(Phrase grounding data)
▬▬▬▬▬▬▬▬▬▬

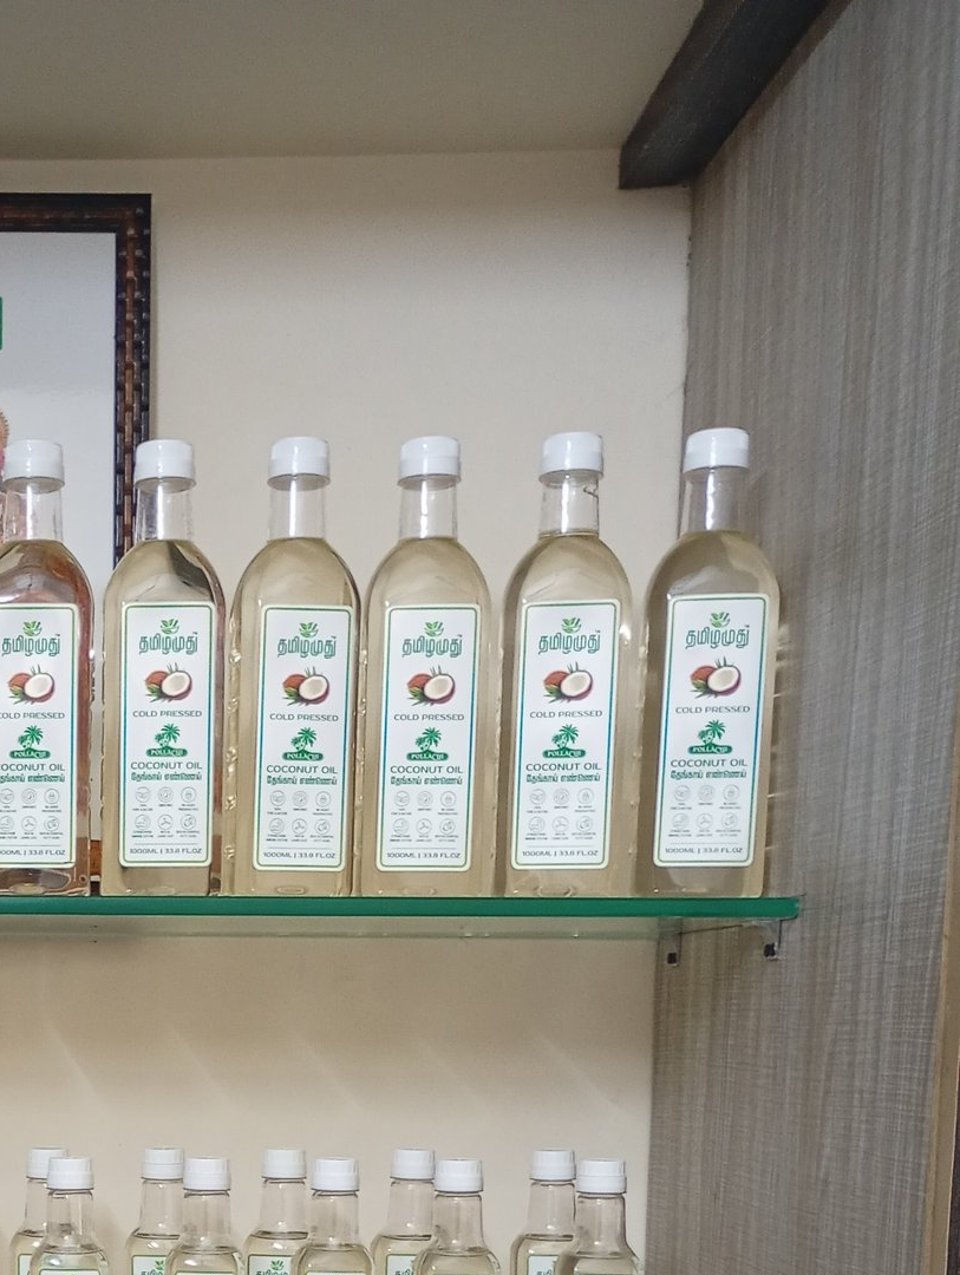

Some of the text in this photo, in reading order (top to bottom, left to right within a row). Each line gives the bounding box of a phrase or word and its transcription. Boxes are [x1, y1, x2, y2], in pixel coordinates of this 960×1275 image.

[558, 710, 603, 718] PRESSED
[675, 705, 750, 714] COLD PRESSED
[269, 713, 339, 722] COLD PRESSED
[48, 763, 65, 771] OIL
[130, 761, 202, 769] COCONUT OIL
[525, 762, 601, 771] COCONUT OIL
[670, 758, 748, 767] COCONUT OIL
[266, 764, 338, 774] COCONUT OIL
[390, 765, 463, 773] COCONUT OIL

▬▬▬▬▬▬▬▬▬▬

# THE PROBLEM
Omit every picture, and otherwise quote the entries exactly.

# TASK SOLUTION
Some of the text in this photo, in reading order (top to bottom, left to right within a row). Each line gives the bounding box of a phrase or word and its transcription. Boxes are [x1, y1, x2, y2], in pixel coordinates of this 960×1275 image.

[558, 710, 603, 718] PRESSED
[675, 705, 750, 714] COLD PRESSED
[269, 713, 339, 722] COLD PRESSED
[48, 763, 65, 771] OIL
[130, 761, 202, 769] COCONUT OIL
[525, 762, 601, 771] COCONUT OIL
[670, 758, 748, 767] COCONUT OIL
[266, 764, 338, 774] COCONUT OIL
[390, 765, 463, 773] COCONUT OIL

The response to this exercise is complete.